She said, "I don't think I will."
We both admitted to not voting. I said, "How could I be so lazy? I love Constantine much more than Clay, but I voted for Clay."
Daryl said, "I voted like a maniac for Clay."
Then we had to take a momentary break from our sorrow to laugh.
Quickly back to pain and mourning.
The question now is, Do abiding Constantine fans keep watching? I guess I will. I'll attempt to shift my favor to Bo. But, honestly, the air (or do I mean hair?) has gone out of it for me. I liked Paula crying. I'd like to know what mascara she wores the doesn't run at all.
FYI: Although I could, quite easily, trash Scott (what parents with a full load of chromosomes would gleefully describe their child as "the average joe"?), I won't do it. That's beneath the high caliber of my affection for Constantine. I'll remember the love, not the hate.
When he returns to Brooklyn, we will comfort him. Soothe away the sadness. I'll be waiting.
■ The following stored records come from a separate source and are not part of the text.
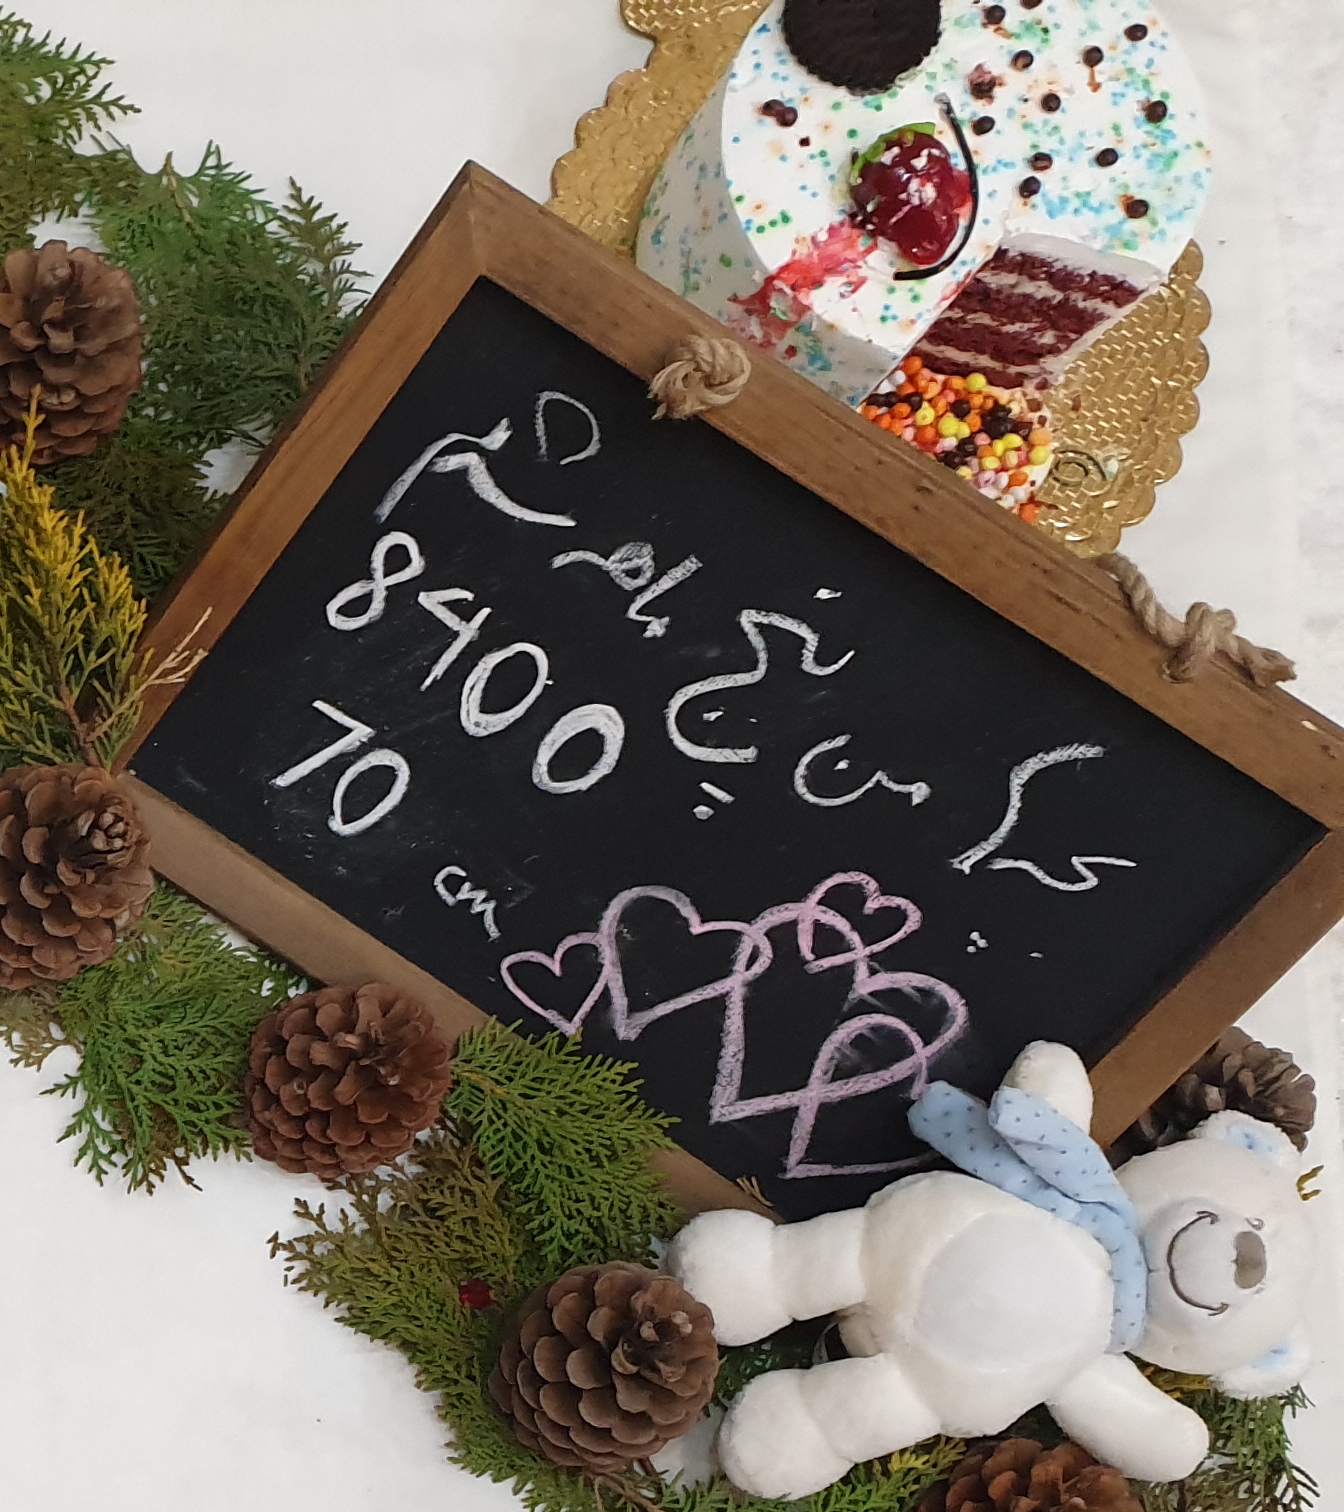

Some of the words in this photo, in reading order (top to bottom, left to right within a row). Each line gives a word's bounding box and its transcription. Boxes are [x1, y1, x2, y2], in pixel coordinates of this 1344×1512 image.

[325, 530, 626, 795] 8400
[793, 733, 932, 808] من
[268, 699, 412, 837] 70
[432, 864, 502, 944] cm
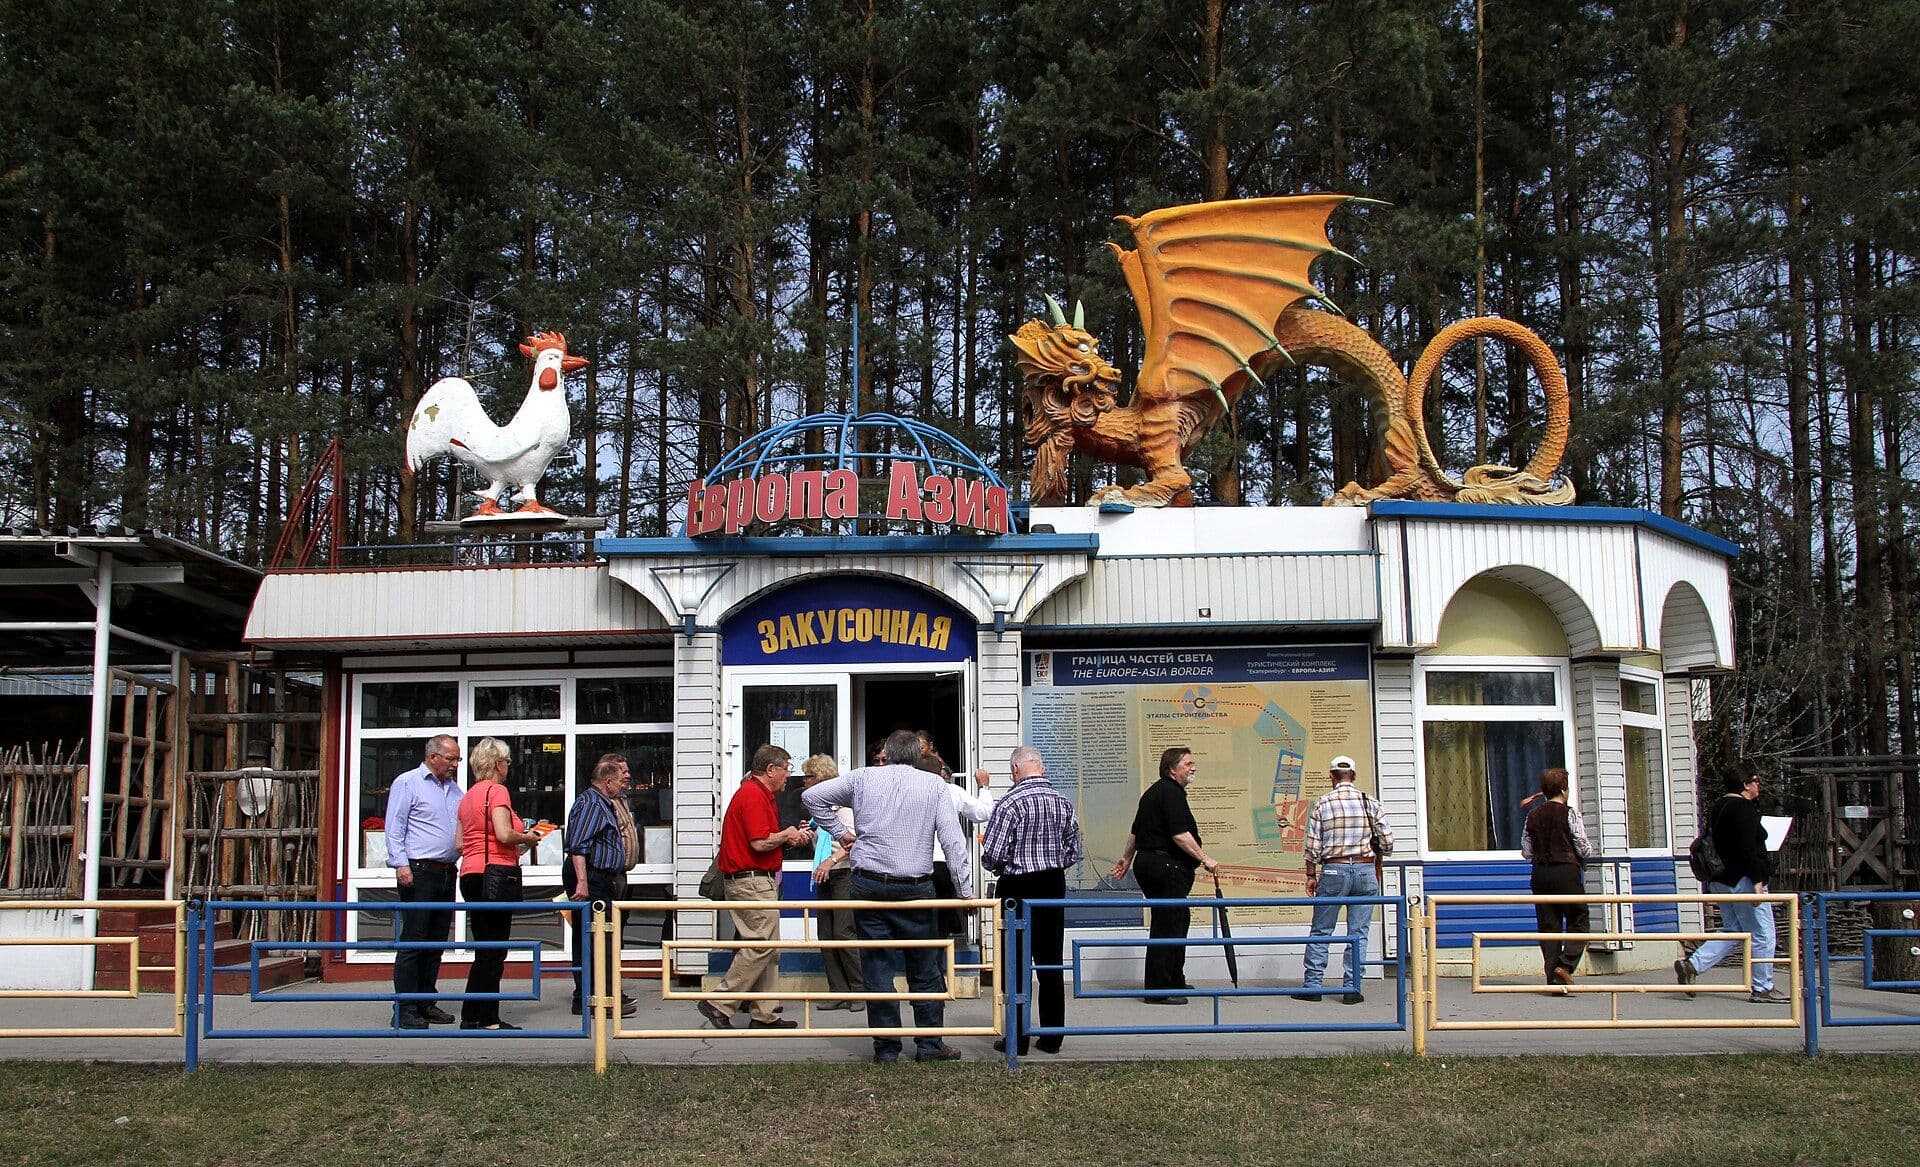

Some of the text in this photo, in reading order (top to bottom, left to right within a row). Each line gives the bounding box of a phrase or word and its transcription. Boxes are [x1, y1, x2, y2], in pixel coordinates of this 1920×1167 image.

[685, 460, 1009, 538] Европа Азия
[757, 607, 953, 655] ЗАКУСОЧНАЯ
[1129, 653, 1175, 664] ЧАСТЕЙ
[1177, 653, 1214, 663] СВЕТА
[1247, 660, 1300, 668] ТУРИСТИЧЕСКИЙ
[1072, 667, 1214, 679] THE EUROPE-ASIA BORDER
And one last thing: I stand by my earlier post. If Constantine showed the tongue last week and last night, HE WOULD STILL BE IN THIS COMPETITION TODAY!
April 21, 2005
A quick update.
1. Heather Graham and her producer partners are going to renew their option for The Accidental Virgin for the second time. This is wonderful news, and restores my hope that the movie might actually happen (not holding breath, goes without saying).
2. I went to the Organic Style party last night at Rose Hall. Celebrity sightings: Alison Krauss, Helen Hunt, Cindy Adams. I made Shannon go up to Cindy Adams and offer to send her a copy of The Best You'll Ever Have. Cindy was way into it.
3. Jeanie Pyun, old friend from Mademoiselle, is now editor-in-chief (the boss) of Organic Style. She looked incredible last night, like a real live glamorous editor on par with the Annas and Tinas of the world. Hand to God. I felt incredible pride and joy for you, Jeanie. You deserve it all! Especially the Stella McCartney heels.
4. Saw the English import comedy Shockheaded Peter at the Little Shubert on 42nd Street with Shannon and my culture vulture parents. The play was mind-blowingly funny, brilliant, creepy, Monty Python meets Grimm's fairy tales. The star of the show, a blond accordian player who sang in a hilarious falsetto all night, was HOT! Seriously hot. Shannon and I almost waited for him by the stage door.
5. Steve returns from five weeks away on Sunday. After a month plus of restaurant meals, he's requested the following menu: turkey burgers, homemade mac and cheese, apple pie a la mode. I am READY (except I don't know how to make homemade mac and cheese—yet). Can't wait to see him, and have him back home. We've missed him terribly. Penny the cat cries for him every day.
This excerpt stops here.